◆ **Problem to work on**
Every line of the data should be written out exactly, with the pictures left out.

- Opening Delimiter -

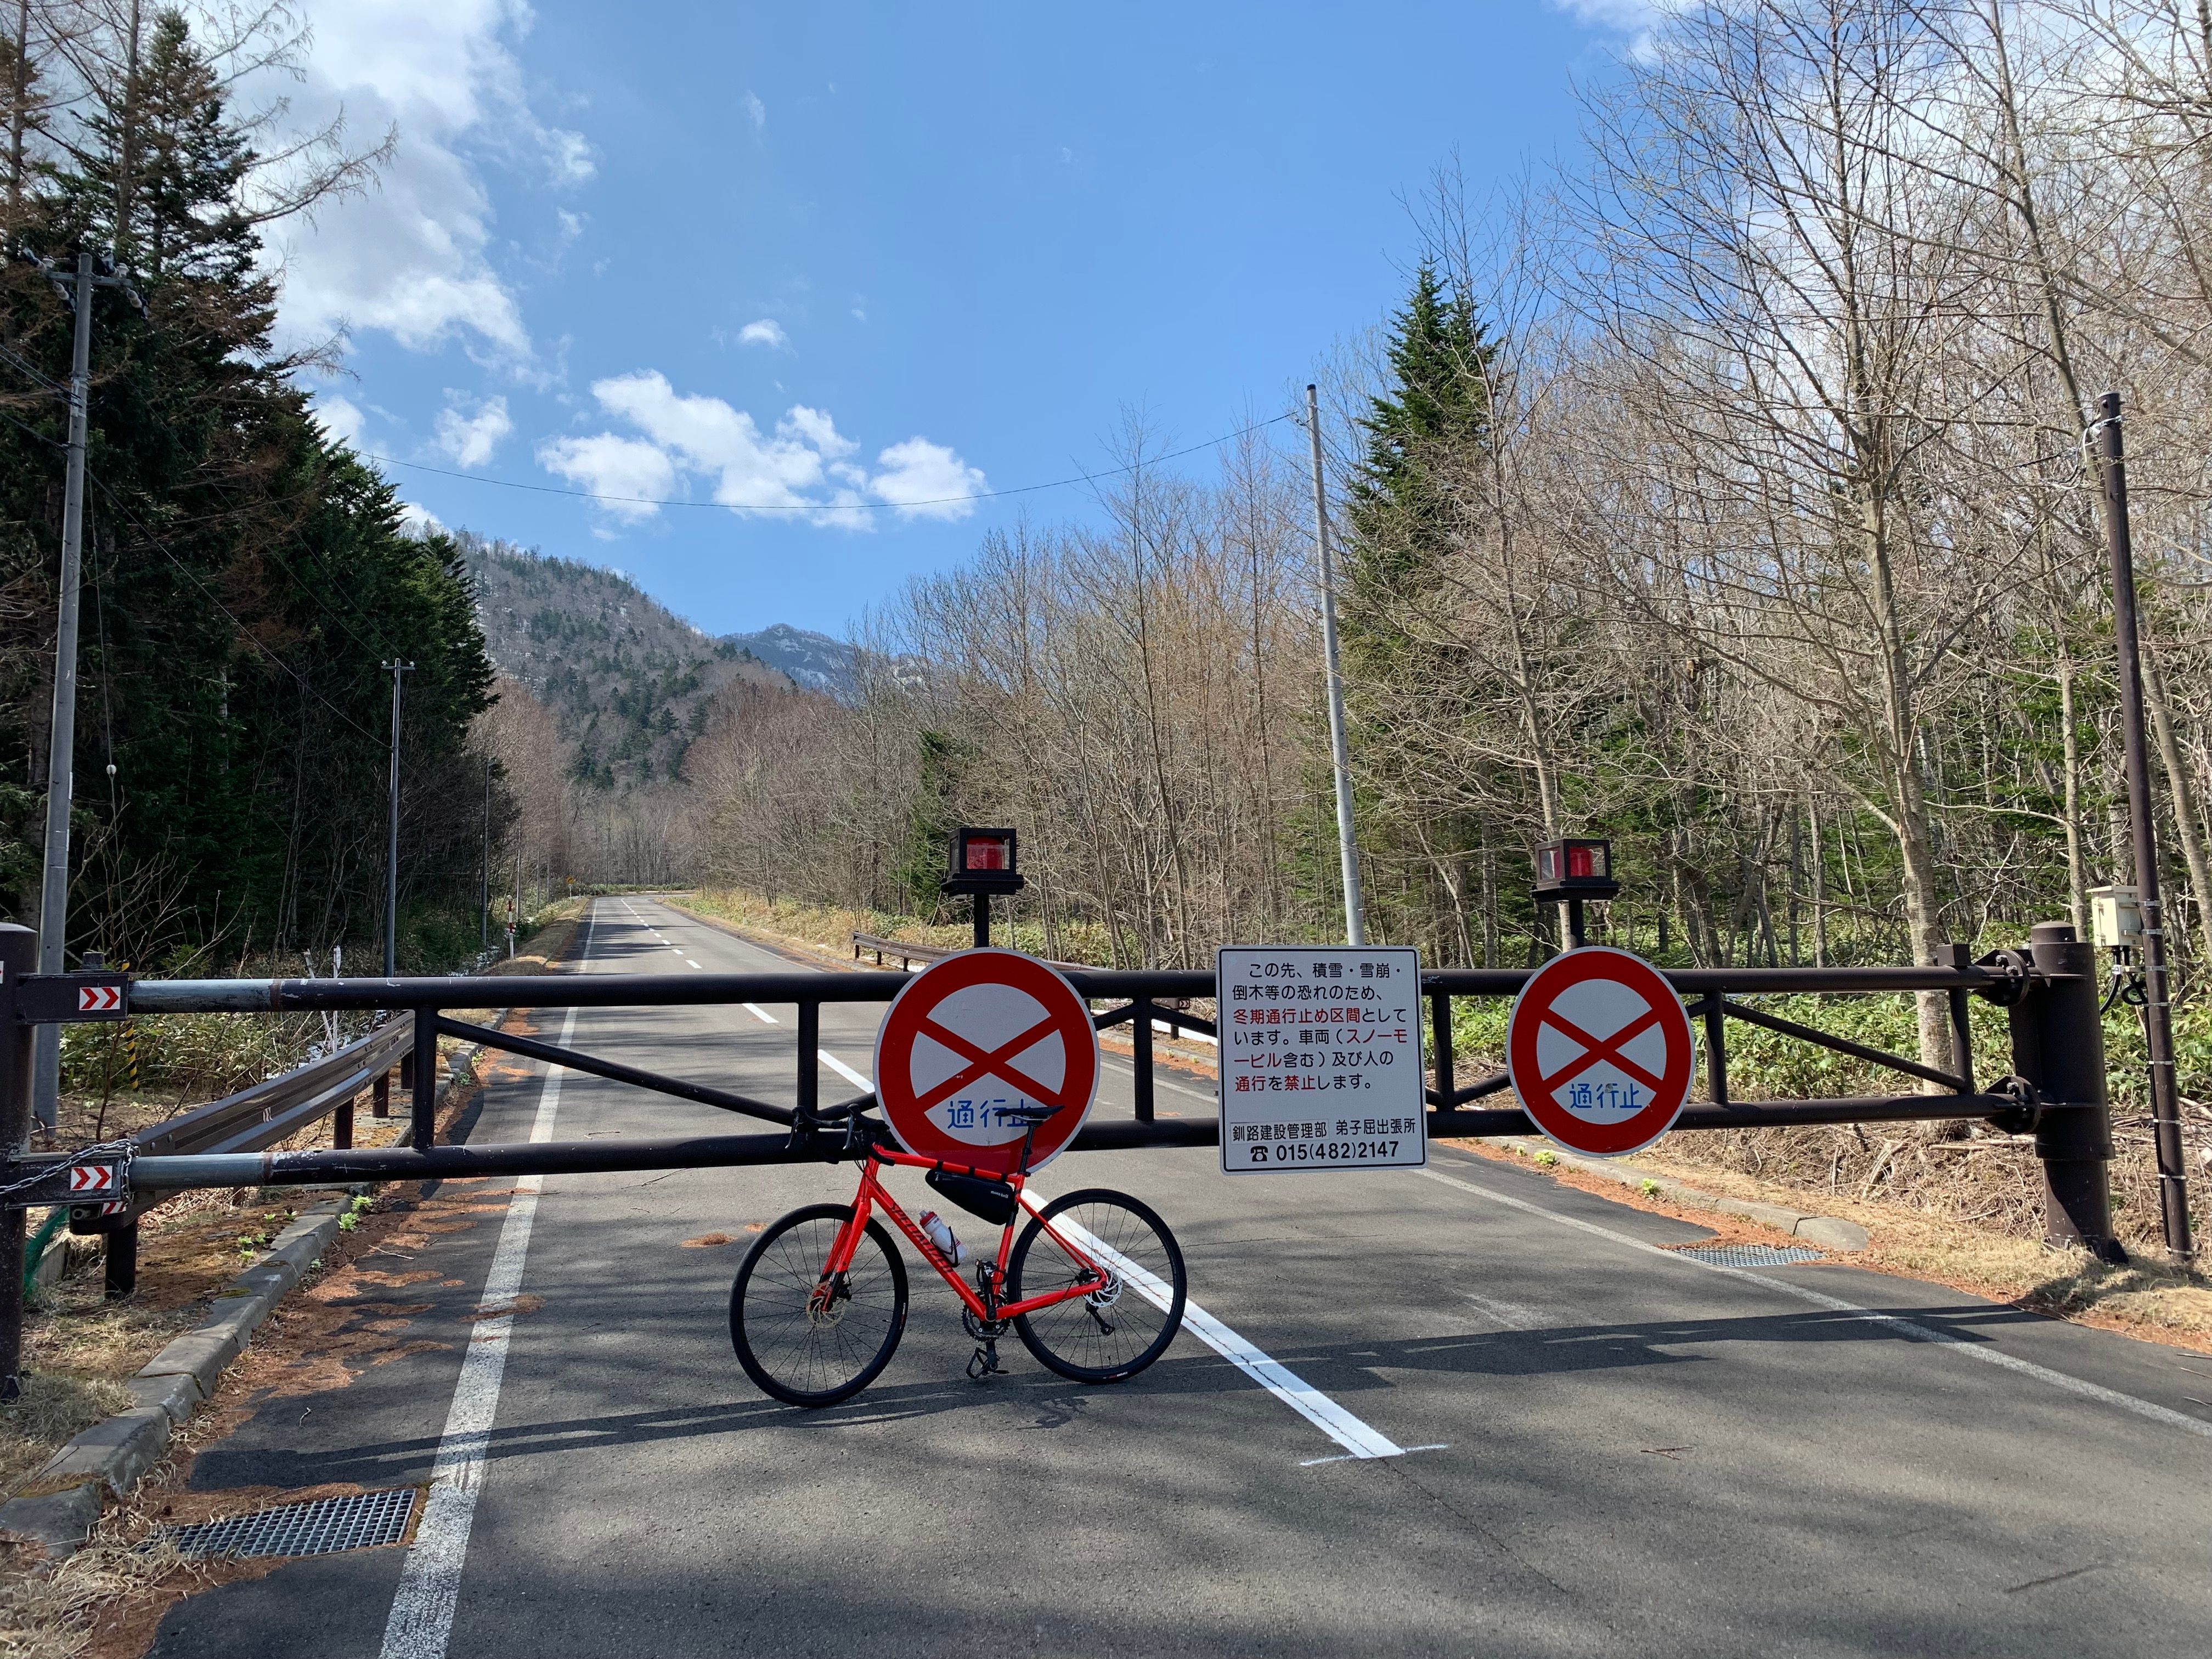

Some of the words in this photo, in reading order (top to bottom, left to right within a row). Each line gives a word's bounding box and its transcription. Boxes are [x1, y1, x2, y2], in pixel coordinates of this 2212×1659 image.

[1232, 985, 1383, 1001] 倒木等の恐れのため、
[1233, 1008, 1407, 1024] 冬期通行止め区間として
[1235, 1073, 1372, 1092] 通行を禁止します。
[1569, 1082, 1643, 1109] 通行止
[1232, 1121, 1327, 1142] 釧路建設管理部
[1335, 1118, 1416, 1136] 弟子屈出張所
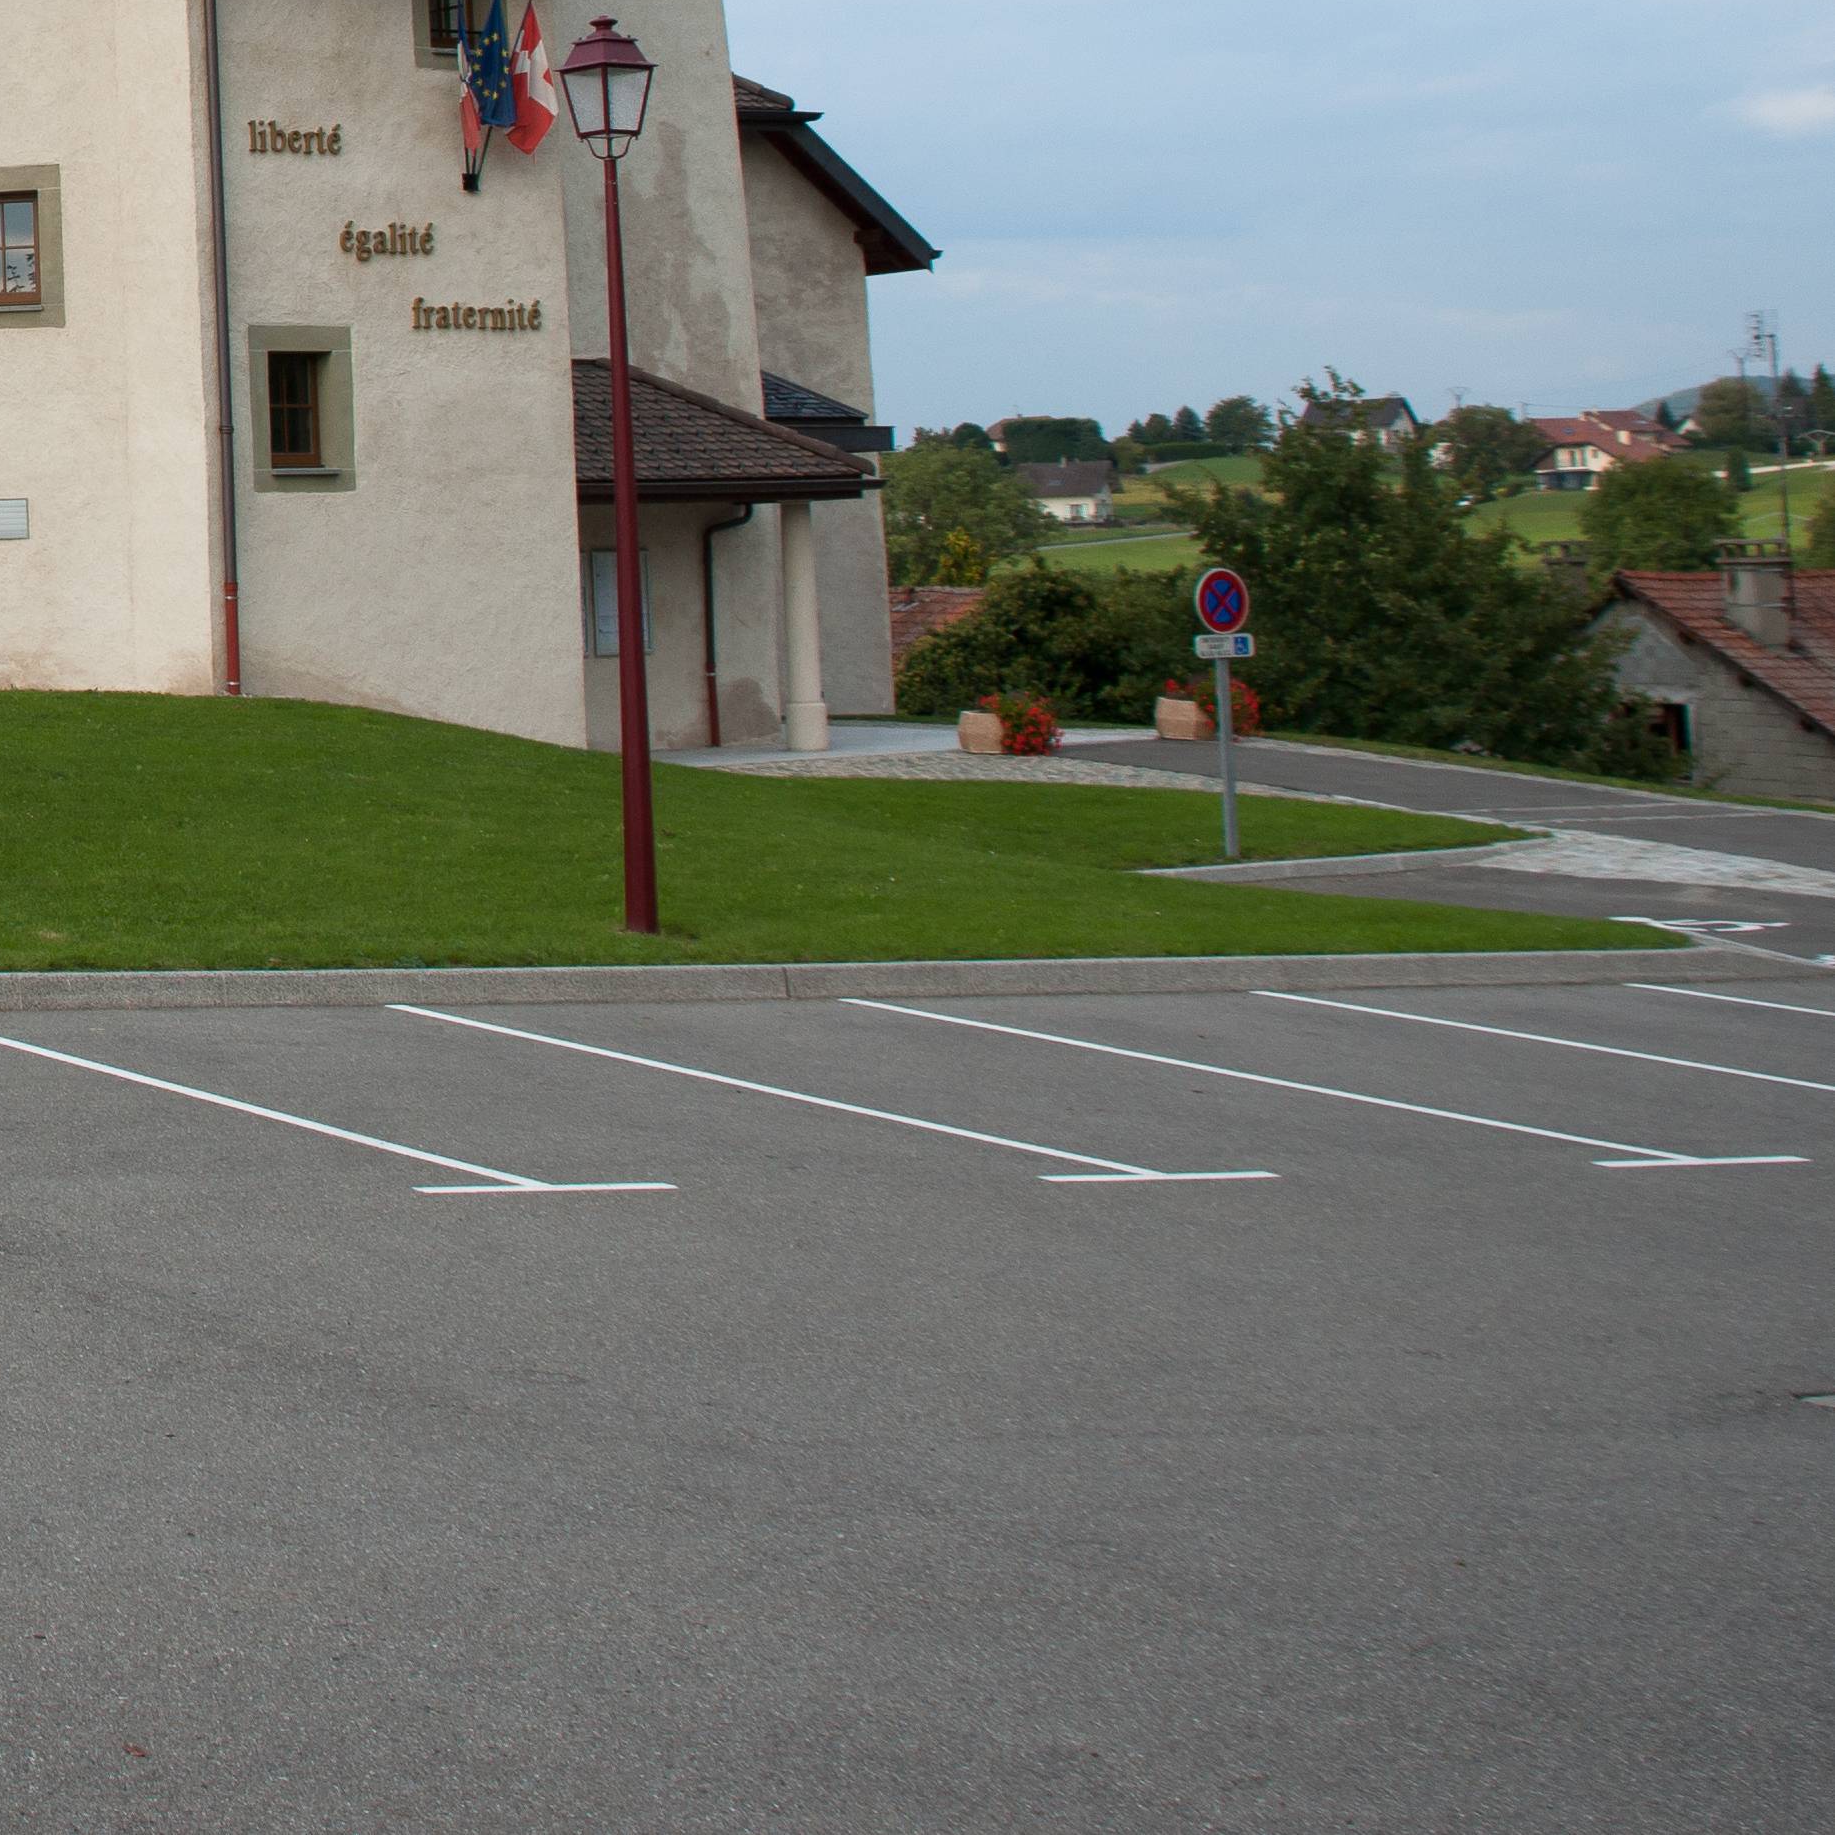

- Closing Delimiter -

◆ **Task solution**
Some of the words in this photo, in reading order (top to bottom, left to right within a row). Each line gives a word's bounding box and its transcription. Boxes are [x1, y1, x2, y2], in pixel coordinates of this 2212×1659 image.

[1232, 985, 1383, 1001] 倒木等の恐れのため、
[1233, 1008, 1407, 1024] 冬期通行止め区間として
[1235, 1073, 1372, 1092] 通行を禁止します。
[1569, 1082, 1643, 1109] 通行止
[1232, 1121, 1327, 1142] 釧路建設管理部
[1335, 1118, 1416, 1136] 弟子屈出張所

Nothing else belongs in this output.